The World Health Organization released a report Thursday documenting the deaths of 959 people and 1,500 injuries from 594 military attacks on health care facilities and health care workers in 19 nations throughout the world. The largest number and percentage of attacks were in Syria (38 percent) and the West Bank and Gaza (9 percent). Sixty percent of all these were deliberate assaults on facilities and health care workers, both of which are supposed to be off-limits in war. The Guardian reports:
Syria, where a civil war has raged since 2011, had the most attacks on hospitals, ambulances, patients and medical workers, accounting for 352 deaths. The Palestinian territories of Gaza and the West Bank, as well as Iraq, Pakistan and Libya, followed. An estimated 62% of all attacks were deemed intentional and many led to a disruption of public health services.

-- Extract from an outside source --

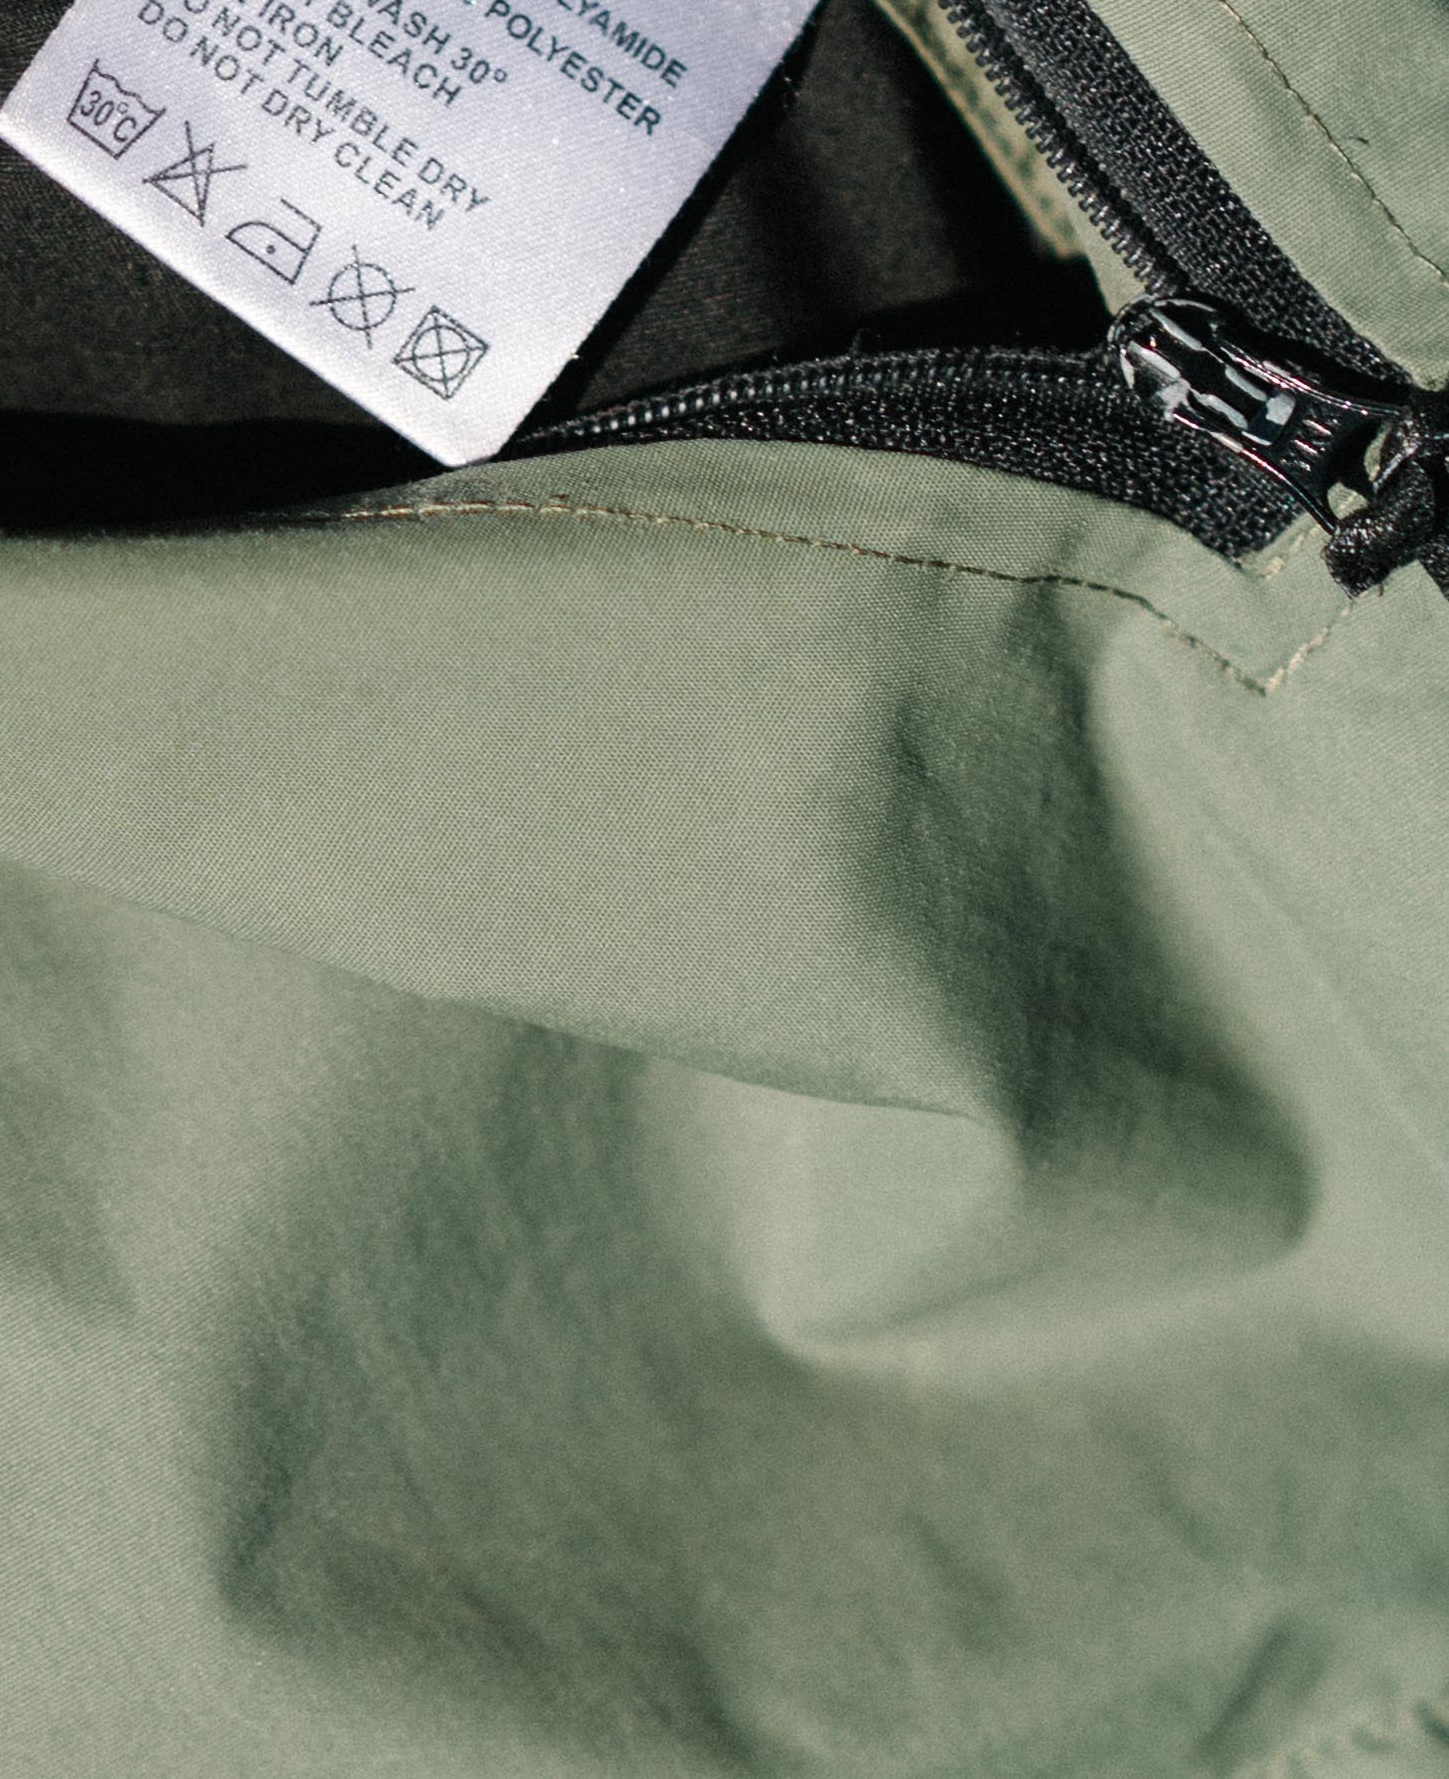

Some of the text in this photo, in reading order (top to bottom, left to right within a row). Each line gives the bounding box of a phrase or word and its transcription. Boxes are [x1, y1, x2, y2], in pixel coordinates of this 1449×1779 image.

“This is not an isolated issue, it is not limited to warzones, it is not accidental. The majority of these are intentional,” Dr Bruce Aylward, executive director of the WHO emergency programme, told a news briefing.
“It is also not stopping and it has real complications for what we are trying to do. It is getting more and more difficult to deploy people into these places, it is getting more and more difficult to keep them safe when they are there and it is getting more and more difficult to ensure they survive, let alone recover in crises.”
Over the two-year period ending in December 2015, Afghanistan suffered 19 attacks on hospitals and health care workers. Sixty-nine people were killed in these attacks and 50 injured. Sixty percent of those were killed in a single attack, the October 2015 U.S. assault on a hospital in Kunduz run by the French humanitarian group Doctors Without Borders. Forty-two patients and medical staff were killed in that air attack which lasted at least 30 minutes, during which time hospital personnel made phone calls to U.S. commanders and officials in Washington to stop it.
It took U.S. authorities 3,000 pages to come to the conclusion that mistakes were made but it was all unintentional. Many critics quite rightly view the incident as a war crime. Mild administrative disciplinary measures were doled out to 16 uniformed U.S. military personnel for their roles in the Kunduz attack.